= Beginning of Section =

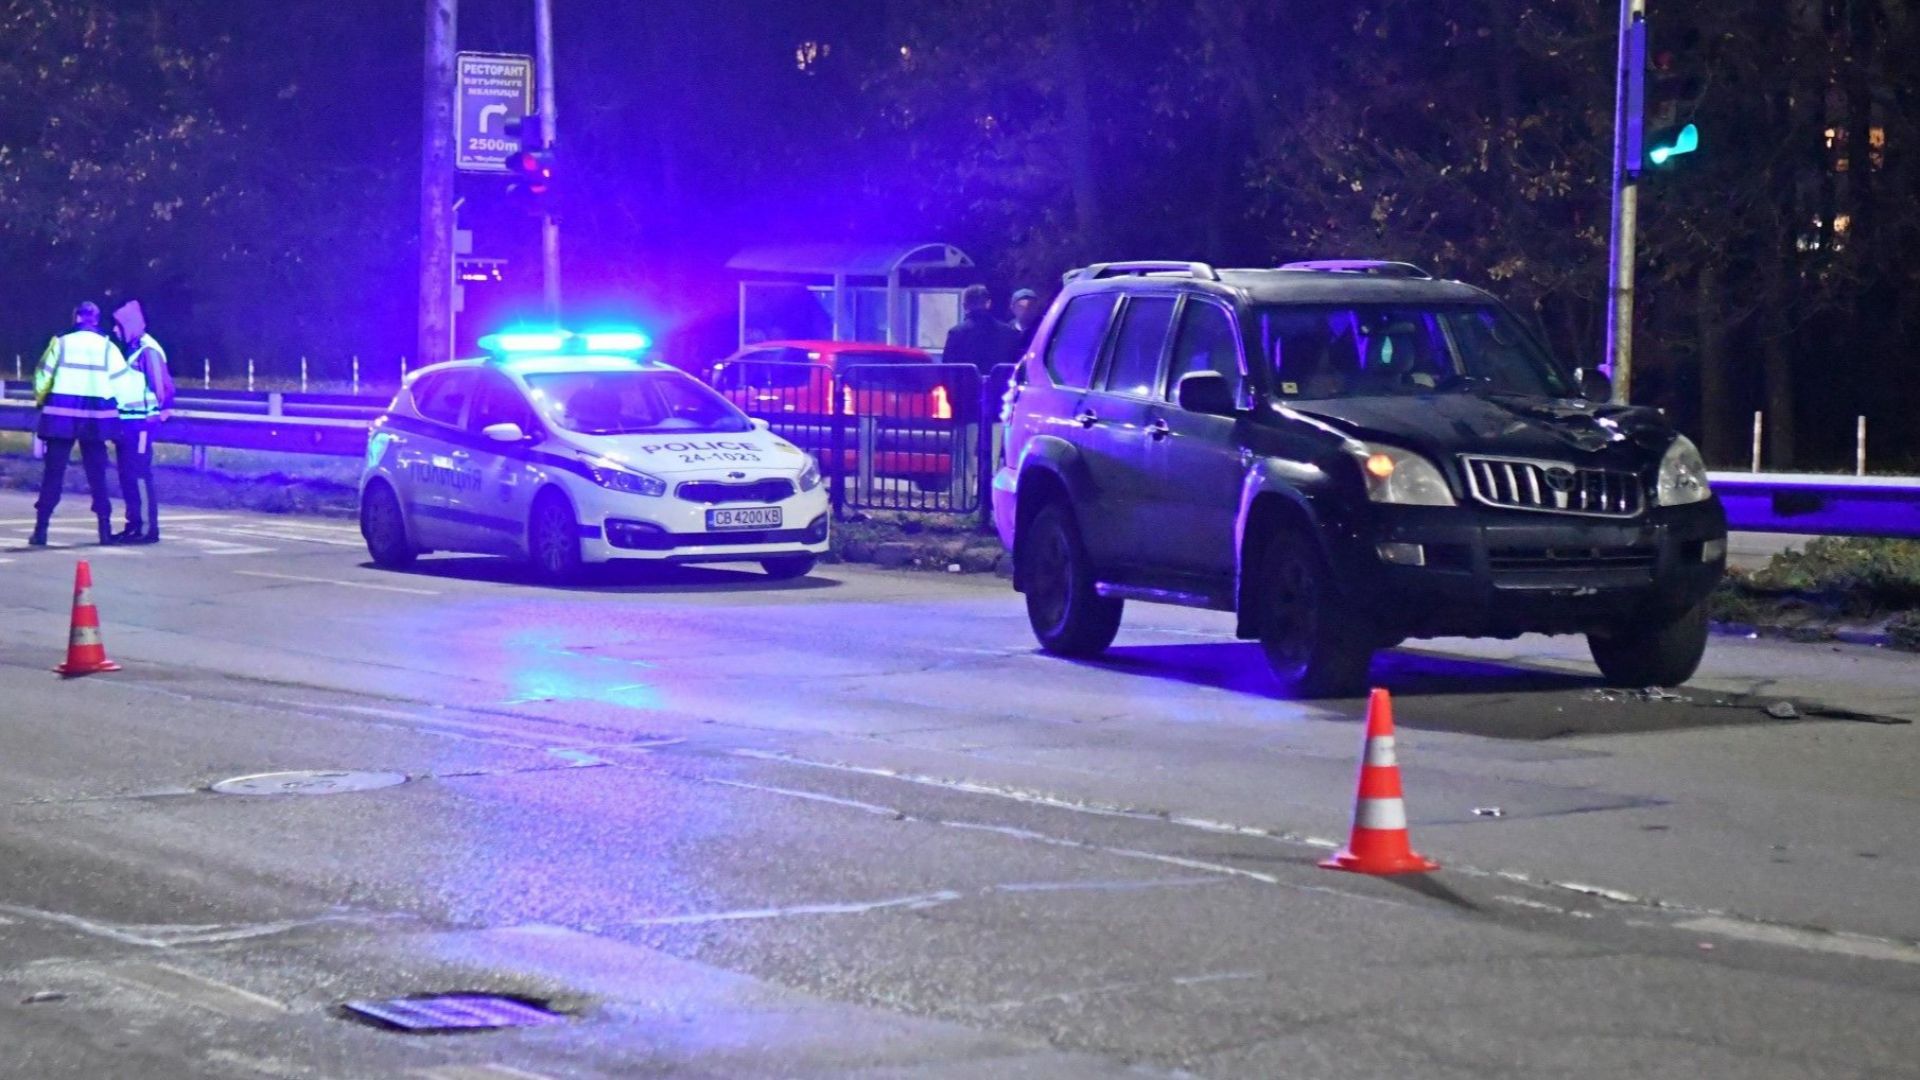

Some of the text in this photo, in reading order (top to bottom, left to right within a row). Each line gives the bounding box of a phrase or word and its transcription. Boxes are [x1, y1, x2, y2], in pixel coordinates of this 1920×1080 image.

[464, 64, 525, 76] РЕСТОРАНТ
[469, 138, 518, 152] 2500m
[641, 441, 763, 454] POLICE
[679, 452, 761, 464] 24-1023
[716, 509, 779, 524] CB 4200 KB

= End of Section =

Work instruction ->
Each line of the listing above should be retyped exactly, with no pictures.

Written solution ->
Some of the text in this photo, in reading order (top to bottom, left to right within a row). Each line gives the bounding box of a phrase or word and its transcription. Boxes are [x1, y1, x2, y2], in pixel coordinates of this 1920×1080 image.

[464, 64, 525, 76] РЕСТОРАНТ
[469, 138, 518, 152] 2500m
[641, 441, 763, 454] POLICE
[679, 452, 761, 464] 24-1023
[716, 509, 779, 524] CB 4200 KB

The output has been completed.